Police stage Alice reconstruction
Detectives investigating the disappearance of teenager Alice Gross are to stage a reconstruction of her last-known movements to encourage more witnesses to come forward.
The 14 year old was last seen on CCTV on August 28 and although the investigation team has followed 729 lines of inquiry, spoken to 1,067 people and had more than 1,000 calls, there have been no confirmed sightings past that point.
The prime suspect in her disappearance, convicted killer Arnis Zalkalns, has also disappeared and detectives have been sent to his native Latvia in the hope the country's authorities could help locate him.
Police are reconstructing missing Alice Gross' last movements (Metropolitan Police/PA)
Yesterday Scotland Yard said it was also carrying out a review of the early stages of its investigation "as quickly as possible" after coming under fire for delays in asking for Latvian assistance in finding Zalkalns.

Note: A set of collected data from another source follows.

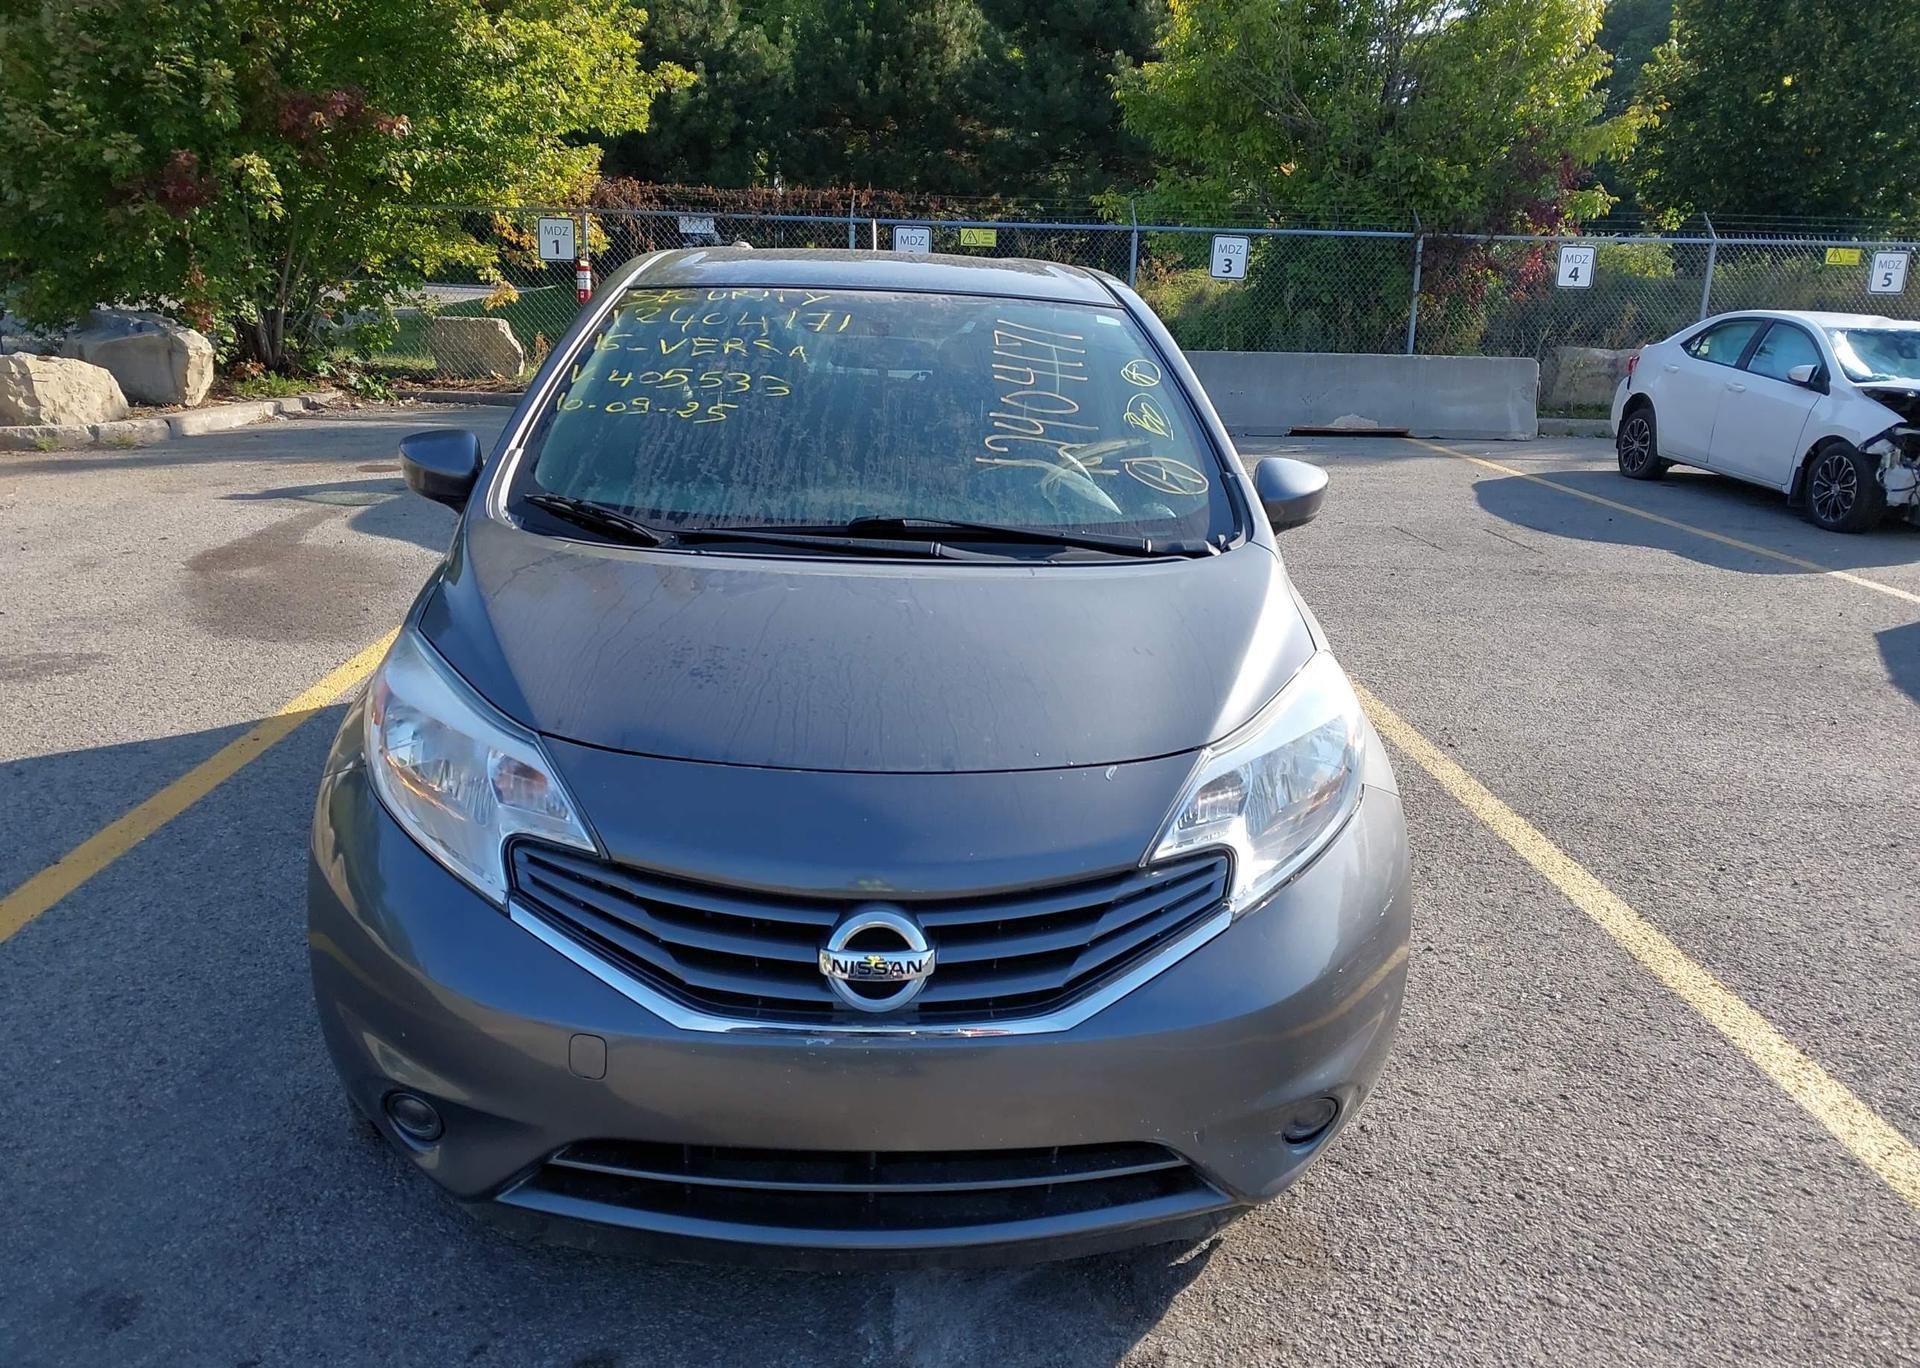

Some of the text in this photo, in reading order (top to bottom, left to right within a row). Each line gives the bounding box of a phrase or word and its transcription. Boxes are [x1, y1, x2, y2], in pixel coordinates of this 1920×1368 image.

[543, 225, 569, 236] MDZ
[552, 239, 560, 255] 1
[900, 234, 925, 246] MDZ
[1217, 243, 1243, 255] MDZ
[1222, 258, 1233, 273] 3
[1564, 253, 1590, 265] MDZ
[1878, 260, 1903, 270] MDZ
[1568, 266, 1580, 281] 4
[1881, 272, 1893, 287] 5
[613, 308, 850, 337] 12404171
[831, 958, 923, 976] NISSAN

Alice was captured on CCTV on August 28 walking alongside the Grand Union Canal in west London back towards her home in Hanwell and has not been seen since.
Thursday will be four weeks on from the day that Alice left home as usual and was last seen, so detectives will be staging a reconstruction along the route that Alice last walked in a bid to trace any further information or witnesses to her last sightings.
One of the Met's Volunteer Police Cadets (VPC) will play the part of Alice.
A spokesman said: "The purpose of the reconstruction is to jog people's memories by recreating her last movements, prompting people to contact us with any information."
Speaking about the attempts to gather intelligence in Latvia the spokesman added: "Obviously we are trying to get information on him, his potential whereabouts and speak to the Latvian authorities."
But the head of the Latvian police international cooperation bureau, Edgars Strautmanis, told the Daily Telegraph his officers would be unable to detain Zalkalns if he was found in the country.
He said: "There are no legal grounds to put him in a cell. He has not committed any criminal offence in Latvia. There are no grounds to search him under Latvian law.
"He can walk into any police precinct. He would definitely not be arrested. It is a law-abiding country in the democratic EU."
Zalkalns, who served seven years in prison after he was convicted of bludgeoning and stabbing his wife Rudite Zalkalns to death in his native country, was seen on CCTV cycling past the same spot 15 minutes after the teenager.
He vanished on September 3, six days after Alice was last seen and after murder detectives took over the investigation into her disappearance. He became the prime suspect after two people had been arrested and eliminated from the inquiry.
Specialist teams, including divers, continued to search a river near where the missing schoolgirl was last seen yesterday as a knife found in the water underwent forensic analysis.
It is the biggest use of search resources since the July 7 bombings, with investigators so far having searched 25sq km of open land, 5.5km of canals and rivers, and more than 30 properties including houses, derelict buildings, outbuildings and empty houses.
Scotland Yard has insisted it has no evidence to suggest that Alice, who suffers from anorexia, has come to harm.
Zalkalns, who works at a building site in Isleworth, west London, is thought to have come to the UK in 2007, but authorities here apparently had no record of his murder conviction.
He was arrested on suspicion of indecently assaulting a 14-year-old girl in the UK in 2009, but no further action was taken. The general labourer is white, 5ft 10ins and stocky, with dark brown hair that he normally wears tied in a pony tail.
A reward of up to £20,000 is being offered for anyone who has information that leads detectives to find Alice.
Police have said that Zalkalns "potentially poses a risk to the public" and have asked anyone who sees him not to approach him and to dial 999.